Southern Literacy Statement: I was born in Ohio, but I got to Texas as fast as I could. Texas is like the rest of the South, but better. Now I know that people who say Texans talk about Texas too much don’t know anything about Texas.
The Life and Death of an Adventure
Matt said everything is an adventure. But really, he was the adventure. The gay, junkie son of a suburban cop, he taught me more about life in six months than I had learned in seventeen years: If you flirt a little, we’ll get better product. If we get pulled over, just pretend I’m your boyfriend. Relax—it’s just a party drug. He did all the talking.
Everywhere Matt drifted, I followed. Life happened between little white lines.
Wake up. Do a line.
Lunch. Do a line.
Skip seventh period. Do two lines.
Daze became nights became months. Matt watched silently as I faded into nothing, the curves of my body blending into bone. When we couldn’t get our hands on our first choice, he bought us pills or stole bottles of Robotussin from the drug store. He cheered me on as I plugged my nose and finished it off. I hated the way the syrup stuck to my lips. I spent most of those nights crying about a boy that didn’t love me back. When the news of acquaintances overdosing trickled in, he said it was time to quit. I laughed but entertained his fleeting delusions of recovery. Those nights, I followed him to the back row of a secluded room in a forgotten church.
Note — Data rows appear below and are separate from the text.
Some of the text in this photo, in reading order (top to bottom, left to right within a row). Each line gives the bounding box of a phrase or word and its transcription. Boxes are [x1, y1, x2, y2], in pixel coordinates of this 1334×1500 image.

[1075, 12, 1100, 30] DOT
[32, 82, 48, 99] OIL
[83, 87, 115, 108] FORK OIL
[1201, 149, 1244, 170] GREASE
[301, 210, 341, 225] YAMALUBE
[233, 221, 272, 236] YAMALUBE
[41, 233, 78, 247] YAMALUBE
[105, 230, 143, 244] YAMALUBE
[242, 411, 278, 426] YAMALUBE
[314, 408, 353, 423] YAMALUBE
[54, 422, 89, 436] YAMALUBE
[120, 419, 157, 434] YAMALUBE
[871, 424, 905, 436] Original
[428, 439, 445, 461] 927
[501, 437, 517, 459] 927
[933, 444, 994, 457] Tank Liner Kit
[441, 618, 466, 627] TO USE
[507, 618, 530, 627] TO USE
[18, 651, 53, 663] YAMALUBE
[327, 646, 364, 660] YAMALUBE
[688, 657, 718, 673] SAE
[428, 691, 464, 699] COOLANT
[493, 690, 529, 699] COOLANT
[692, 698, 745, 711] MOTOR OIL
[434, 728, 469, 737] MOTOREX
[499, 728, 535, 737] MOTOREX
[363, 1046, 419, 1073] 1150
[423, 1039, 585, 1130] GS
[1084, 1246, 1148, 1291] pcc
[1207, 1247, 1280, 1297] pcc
There we were: suburbia’s unwelcome shadows.
One day at a time.
We laughed. One line at a time.
Our friendship, founded in rebellion and built on substance, was always doomed. The things I pretended not to know caught up with us both. The money I never asked about ran dry. I became restless; Matt became unmanageable. He asked me to drop him off at rehab one sunny Saturday in May. He was homeless and had no hope of graduating.
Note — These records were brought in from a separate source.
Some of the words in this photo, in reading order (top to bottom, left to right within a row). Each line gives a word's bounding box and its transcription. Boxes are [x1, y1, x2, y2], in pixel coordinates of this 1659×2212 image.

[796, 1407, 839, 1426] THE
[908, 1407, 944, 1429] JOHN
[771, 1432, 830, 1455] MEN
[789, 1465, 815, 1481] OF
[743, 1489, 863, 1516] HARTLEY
“It’s time for a new adventure,” he said.
I didn’t cry as he disappeared behind the glass hospital doors. I didn’t miss him or his little plastic baggies. I was ready for a new adventure, too.
I walked the stage alone and left for school soon after. The rumors trickled in. Matt was arrested for a hit-and-run. Went back to rehab. Moved down to Austin. Enrolled in culinary school. I stayed away.
Matt found himself in our hometown years later. I found myself with time to kill and a morbid curiosity. His arms were all red sores, blue veins, purple bruises. He had a story I didn’t want to hear. I had to stay away.
I labored over my sobriety. I found a new adventure; my days became bassinets, tummy time, mashed carrots. I didn’t think about Matt anymore.
An old friend sent me a message: Did you hear about Matt?
“AIDS,” she said.
Logic dissolved; the memories trickled in. How long had he been positive? All I could see were nosebleeds.
She told me he threatened to jump off the I-635 overpass. Everyone is talking about it.
But the cops found Matt first. He went back to jail, back to rehab or maybe both. Months later, a message in my inbox. He wondered if I had time for lunch or a cup of coffee.
I stayed away.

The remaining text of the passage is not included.